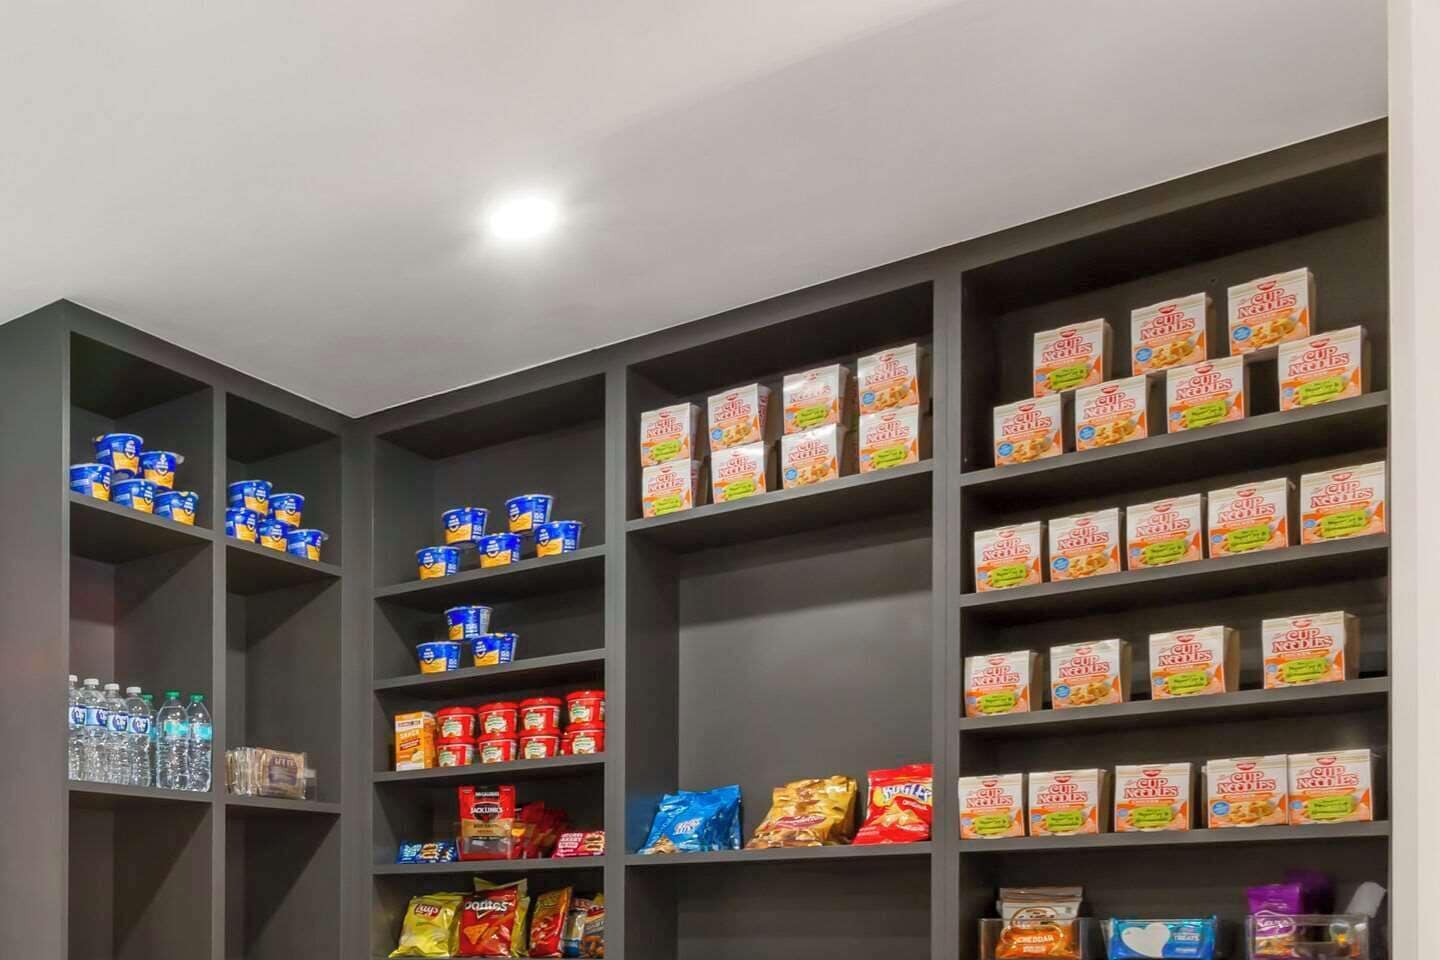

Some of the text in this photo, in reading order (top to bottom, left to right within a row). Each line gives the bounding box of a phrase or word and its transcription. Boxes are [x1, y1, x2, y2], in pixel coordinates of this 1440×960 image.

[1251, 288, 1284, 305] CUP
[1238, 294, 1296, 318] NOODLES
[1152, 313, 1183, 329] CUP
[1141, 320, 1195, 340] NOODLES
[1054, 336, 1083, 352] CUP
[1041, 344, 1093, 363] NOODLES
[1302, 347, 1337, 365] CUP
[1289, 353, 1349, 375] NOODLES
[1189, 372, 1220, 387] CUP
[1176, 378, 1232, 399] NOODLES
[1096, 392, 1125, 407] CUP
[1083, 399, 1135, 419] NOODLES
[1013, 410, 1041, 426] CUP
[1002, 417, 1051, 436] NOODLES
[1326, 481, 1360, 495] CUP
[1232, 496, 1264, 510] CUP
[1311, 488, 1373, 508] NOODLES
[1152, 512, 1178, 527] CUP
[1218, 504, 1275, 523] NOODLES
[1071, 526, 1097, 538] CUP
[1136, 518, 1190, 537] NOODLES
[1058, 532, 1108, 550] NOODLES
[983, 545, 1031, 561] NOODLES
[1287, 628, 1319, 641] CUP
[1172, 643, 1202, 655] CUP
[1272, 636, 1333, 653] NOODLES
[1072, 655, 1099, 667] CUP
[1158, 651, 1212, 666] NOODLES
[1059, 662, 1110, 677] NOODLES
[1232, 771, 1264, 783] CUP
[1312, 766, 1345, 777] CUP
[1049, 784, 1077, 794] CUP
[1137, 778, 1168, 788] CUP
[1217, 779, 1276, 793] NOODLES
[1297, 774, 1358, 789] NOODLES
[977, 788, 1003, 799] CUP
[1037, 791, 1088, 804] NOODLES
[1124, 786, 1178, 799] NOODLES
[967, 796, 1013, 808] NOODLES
......
# Task brief
Pictures in the data above should not be copied; transcribe everything else exactly.

# Response to this task
Some of the text in this photo, in reading order (top to bottom, left to right within a row). Each line gives the bounding box of a phrase or word and its transcription. Boxes are [x1, y1, x2, y2], in pixel coordinates of this 1440×960 image.

[1251, 288, 1284, 305] CUP
[1238, 294, 1296, 318] NOODLES
[1152, 313, 1183, 329] CUP
[1141, 320, 1195, 340] NOODLES
[1054, 336, 1083, 352] CUP
[1041, 344, 1093, 363] NOODLES
[1302, 347, 1337, 365] CUP
[1289, 353, 1349, 375] NOODLES
[1189, 372, 1220, 387] CUP
[1176, 378, 1232, 399] NOODLES
[1096, 392, 1125, 407] CUP
[1083, 399, 1135, 419] NOODLES
[1013, 410, 1041, 426] CUP
[1002, 417, 1051, 436] NOODLES
[1326, 481, 1360, 495] CUP
[1232, 496, 1264, 510] CUP
[1311, 488, 1373, 508] NOODLES
[1152, 512, 1178, 527] CUP
[1218, 504, 1275, 523] NOODLES
[1071, 526, 1097, 538] CUP
[1136, 518, 1190, 537] NOODLES
[1058, 532, 1108, 550] NOODLES
[983, 545, 1031, 561] NOODLES
[1287, 628, 1319, 641] CUP
[1172, 643, 1202, 655] CUP
[1272, 636, 1333, 653] NOODLES
[1072, 655, 1099, 667] CUP
[1158, 651, 1212, 666] NOODLES
[1059, 662, 1110, 677] NOODLES
[1232, 771, 1264, 783] CUP
[1312, 766, 1345, 777] CUP
[1049, 784, 1077, 794] CUP
[1137, 778, 1168, 788] CUP
[1217, 779, 1276, 793] NOODLES
[1297, 774, 1358, 789] NOODLES
[977, 788, 1003, 799] CUP
[1037, 791, 1088, 804] NOODLES
[1124, 786, 1178, 799] NOODLES
[967, 796, 1013, 808] NOODLES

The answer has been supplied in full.